BU Today: But if the next president, Democrat or Republican, does not buy into Project 2025 and America First, doesn’t this [database] become obsolete?
Gouveia: Parts of it will. But we’re going to continue to keep it updated. There was always the intention that we’re going to build in congressional acts, the Federal Register, the budget, executive orders. I mean, Biden had a number of executive orders too. This has been the practice of late of presidents. Hopefully, it will go away, and we’ll get back to going through Congress for a lot of those decisions.
Our goal is that this is evergreen. That’s why it’s called Beyond 2025. It is not just about where we are right now. [There is] probably going to be a lot of change, and a lot we’re going to lose in this chaos. What are the things that we want to understand about what we are losing, and how do we rebuild in the future after?

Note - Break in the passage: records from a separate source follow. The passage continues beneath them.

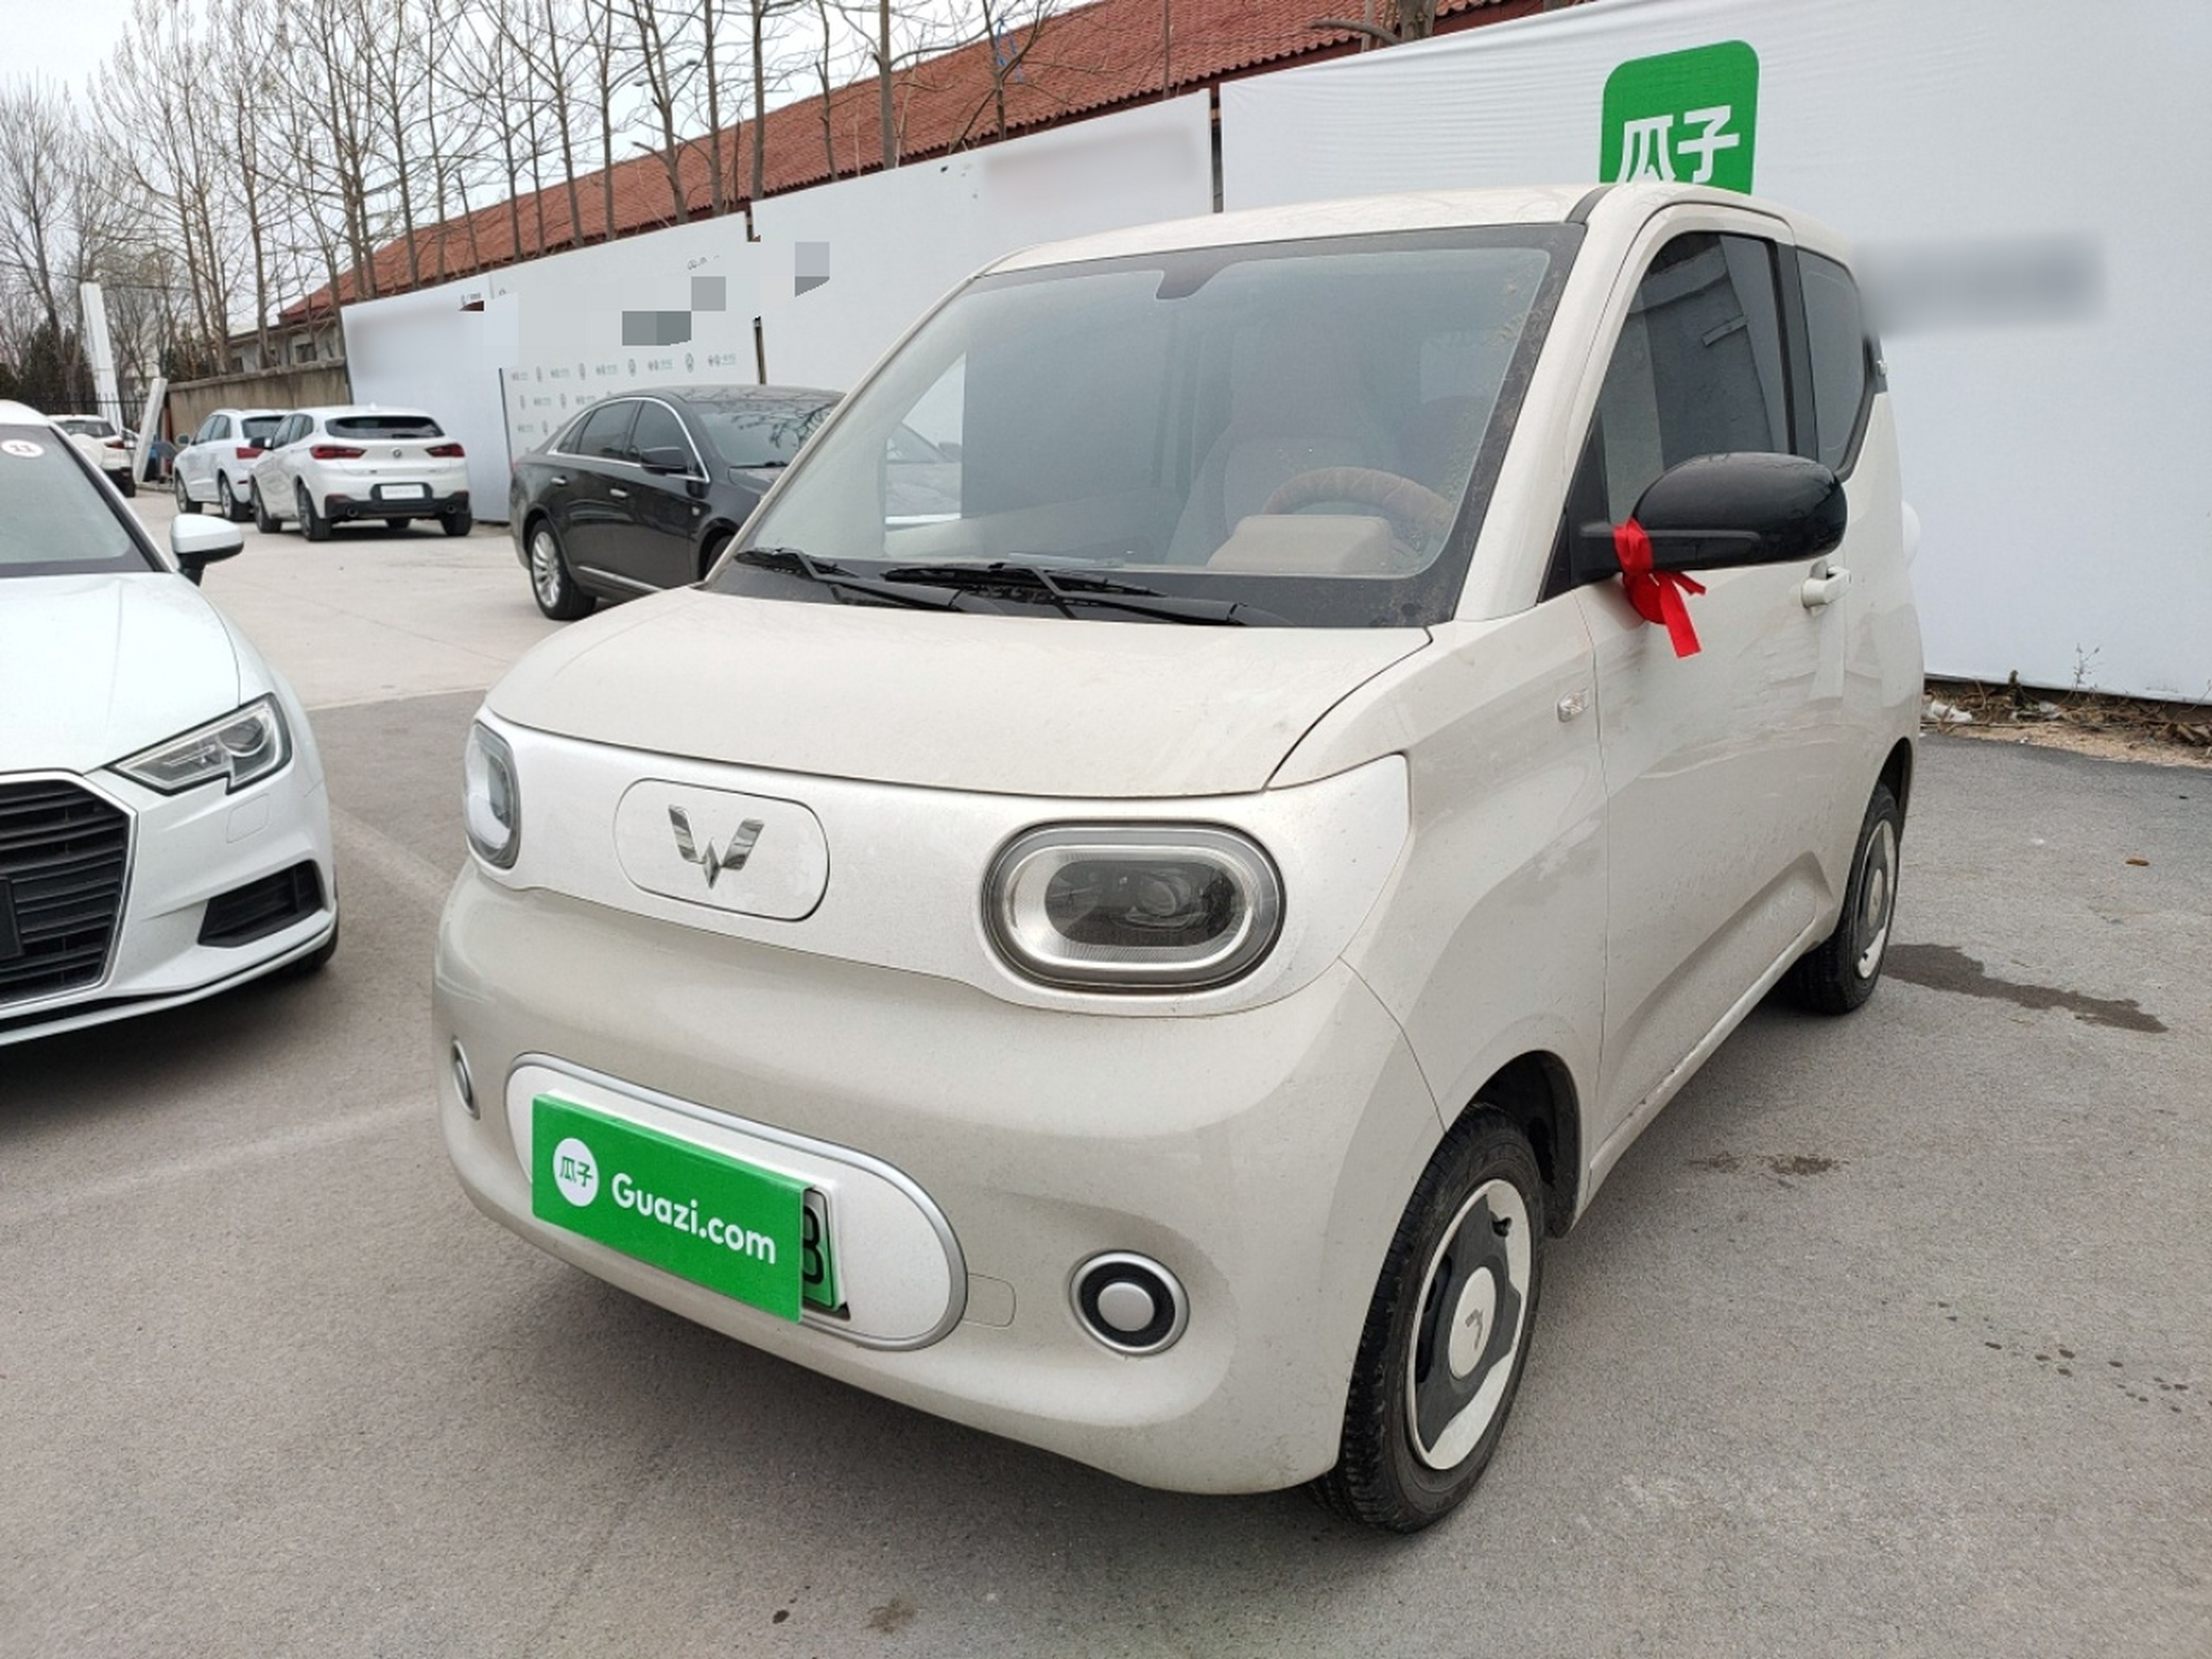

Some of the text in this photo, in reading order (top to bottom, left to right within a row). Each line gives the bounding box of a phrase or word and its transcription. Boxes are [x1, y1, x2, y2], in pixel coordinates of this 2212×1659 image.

[1617, 105, 1740, 183] 瓜子
[559, 1156, 593, 1187] 瓜子
[612, 1173, 776, 1264] Guazi.com
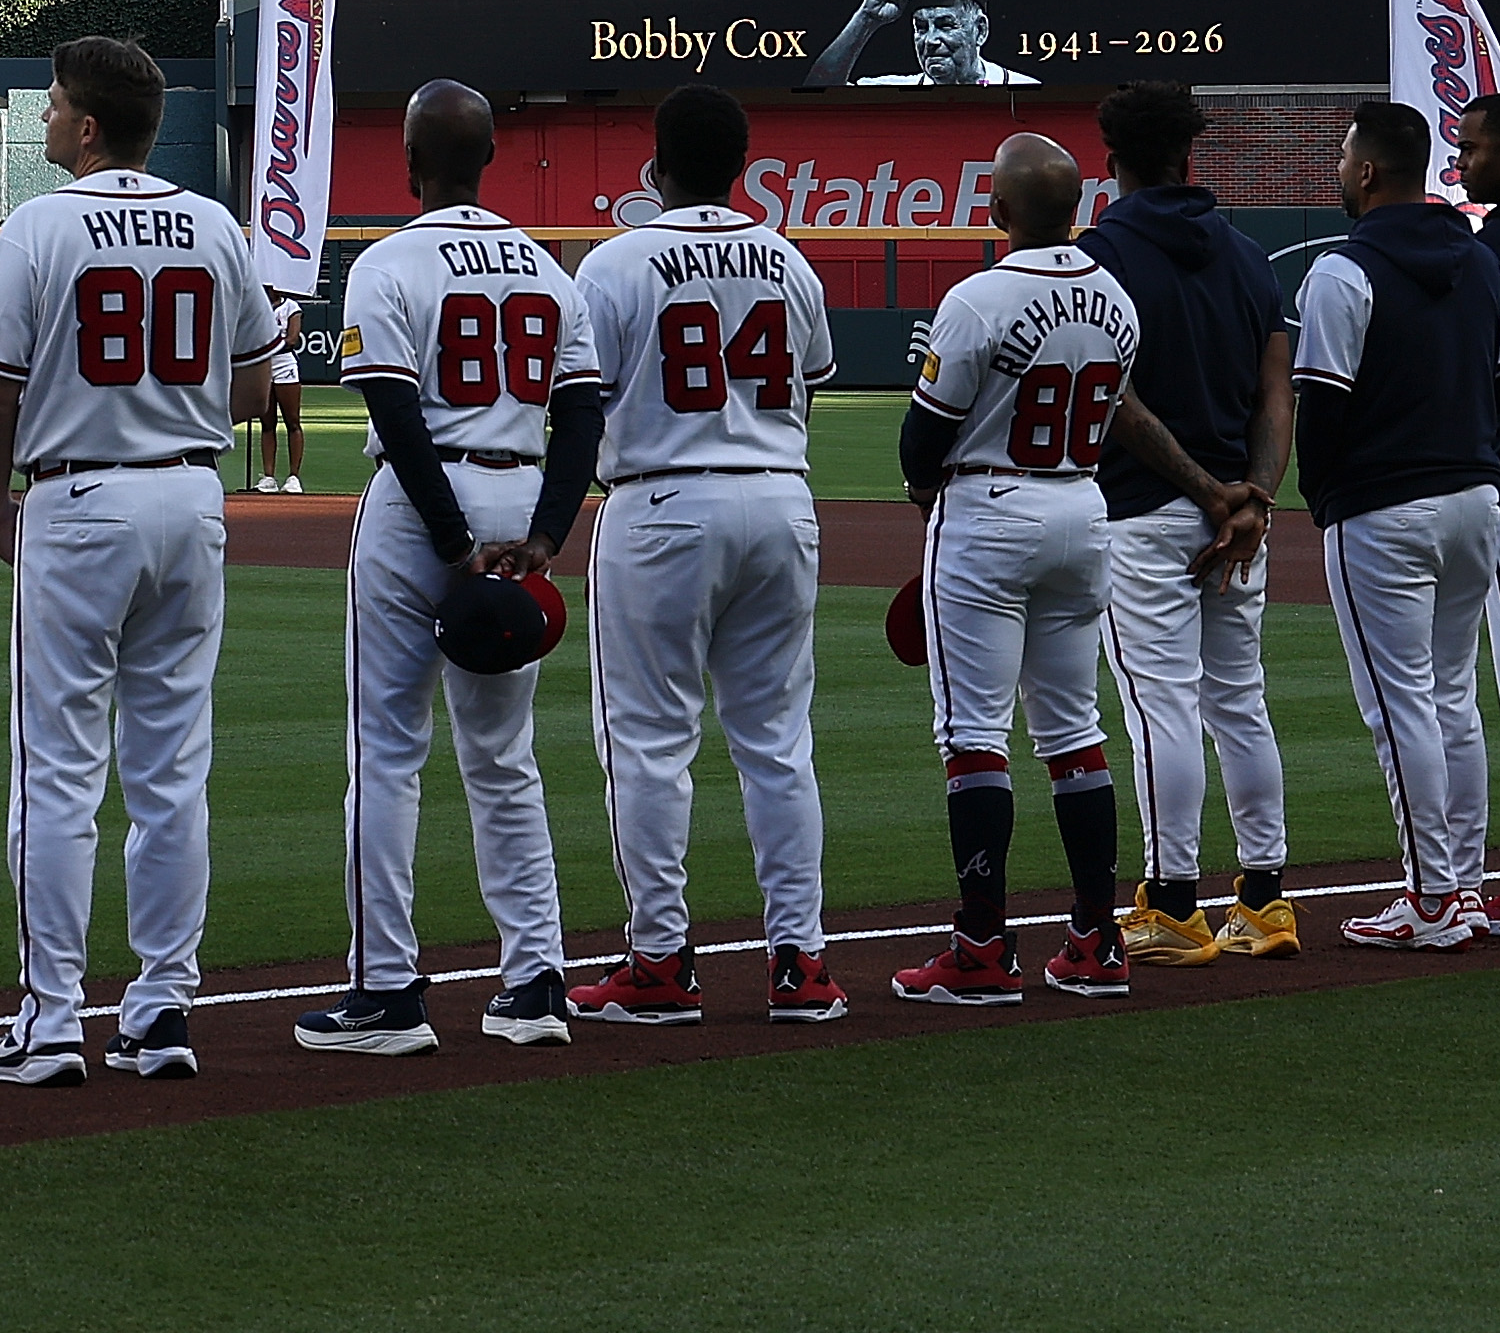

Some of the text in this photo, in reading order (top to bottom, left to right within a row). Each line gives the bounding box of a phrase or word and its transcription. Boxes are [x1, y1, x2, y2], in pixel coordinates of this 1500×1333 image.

[590, 17, 716, 73] Bobby
[725, 18, 808, 60] Cox
[743, 157, 944, 229] State
[81, 209, 195, 250] HYERS
[438, 240, 539, 277] COLES
[650, 242, 786, 287] WATKINS
[73, 265, 215, 387] 80
[437, 291, 561, 408] 88
[657, 298, 794, 414] 84
[1006, 361, 1124, 469] 86
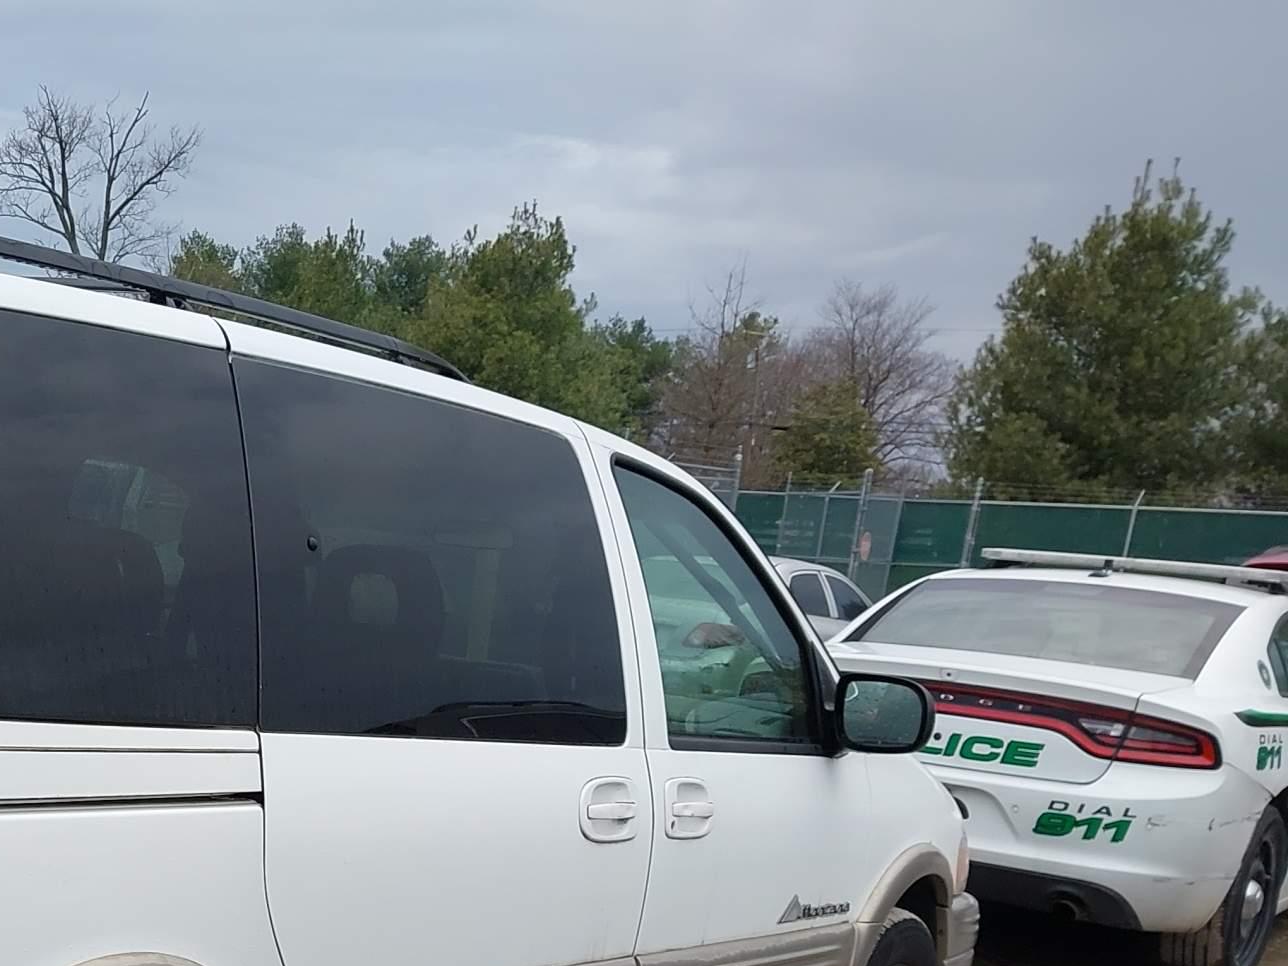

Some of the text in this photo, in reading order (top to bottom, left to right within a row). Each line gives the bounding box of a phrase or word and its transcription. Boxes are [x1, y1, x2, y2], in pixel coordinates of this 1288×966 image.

[1259, 734, 1283, 745] DIAL
[1048, 800, 1137, 818] DIAL
[1032, 812, 1133, 843] 911
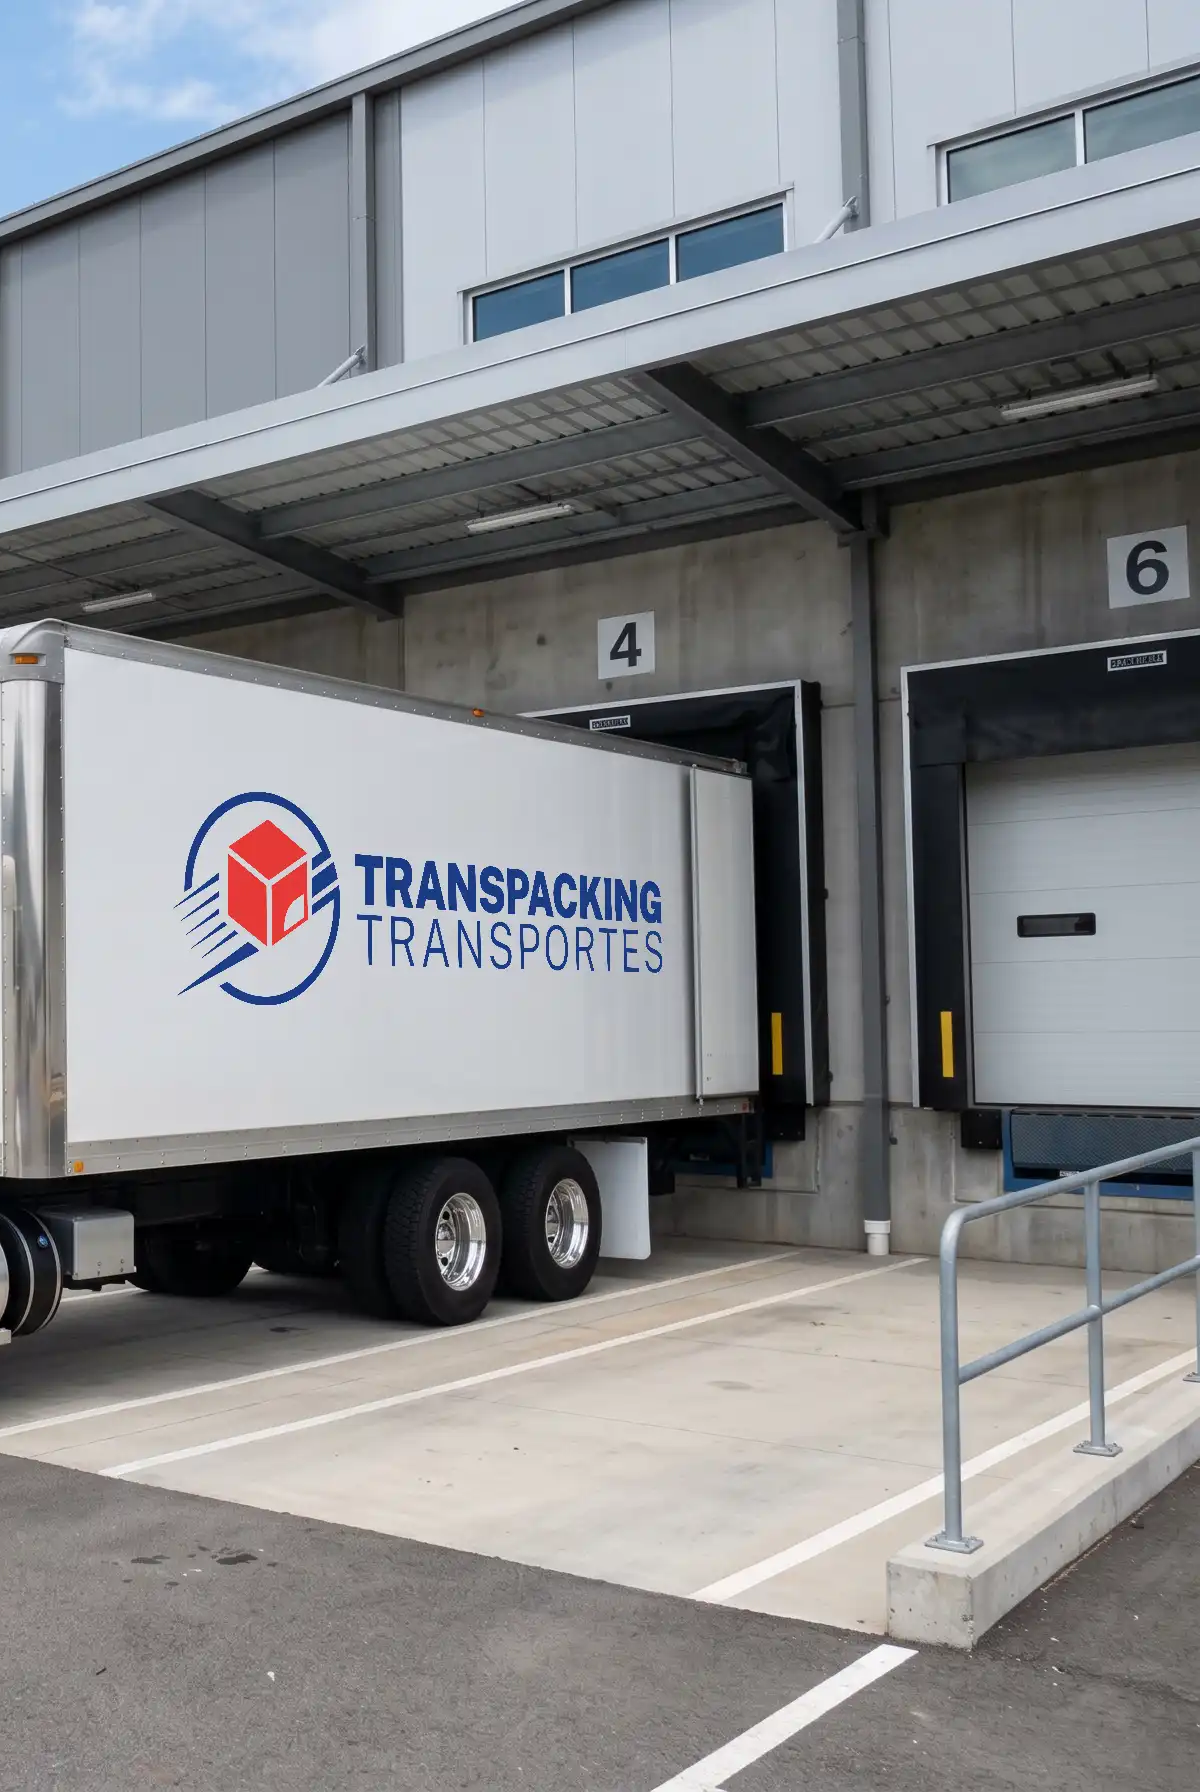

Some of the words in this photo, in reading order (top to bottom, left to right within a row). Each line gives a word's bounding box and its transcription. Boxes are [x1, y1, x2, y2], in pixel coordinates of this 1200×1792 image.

BU Today: President Trump and Vice President JD Vance have been critical of higher education. Vance has said: “We have to honestly and aggressively attack the universities in this country.” Their supporters might view your database as biased. How do you counter that?
Gouveia: I think that’s how some people will perceive it. That is not the intention. It is to share information and try to cut through some of the chaos that’s going on. It’s why we made the decision to put in the source documentation—so people can read what was put in writing and walk away with their own interpretation. They can take our analysis and go find other sources and come to their own conclusions.
But I think we are seeing some people who supported Trump, like some veterans or some farmers, saying, “Gosh, I didn’t really fully get the full implications of what was in here. I dIdn’t read it, [or] I didn’t read it carefully enough.” That is people coming to terms with what is in it on their own, but that’s part of our goal—to help people get access to the information bite-sized, rather than trying to read the whole thing.
This is not a partisan effort in any way, shape, or form. This is really about how engaged we are in our democracy. In a lot of states, we didn’t have civics education for several decades. We just finally got it back in Massachusetts a couple of years ago. I’ve had lots of conversations with very smart, educated people who did not know the separation of powers, and what does it mean. Well, in our toolkit, we do have basic civics built in there, and media literacy.
BU Today: Did your service in the legislature inform the creation and operation of the database?
Gouveia: When I did my public health degree here at BU, I started it in 2001, after 9/11, and we were focused on crisis management, emergency preparedness, tabletop exercises like being ready for what might come. So it was more a combination of my four years in the policymaking space in the legislature, along with my training, in public health and social work, that made me realize that people don’t really know what might be coming, whether you’re talking about agriculture or education or what’s going on with veterans or closing libraries, like the JFK Library for one day recently. I’m not saying they’re all going to be negative, but the vast majority of them are just so disruptive that I wanted people to start to be prepared for that.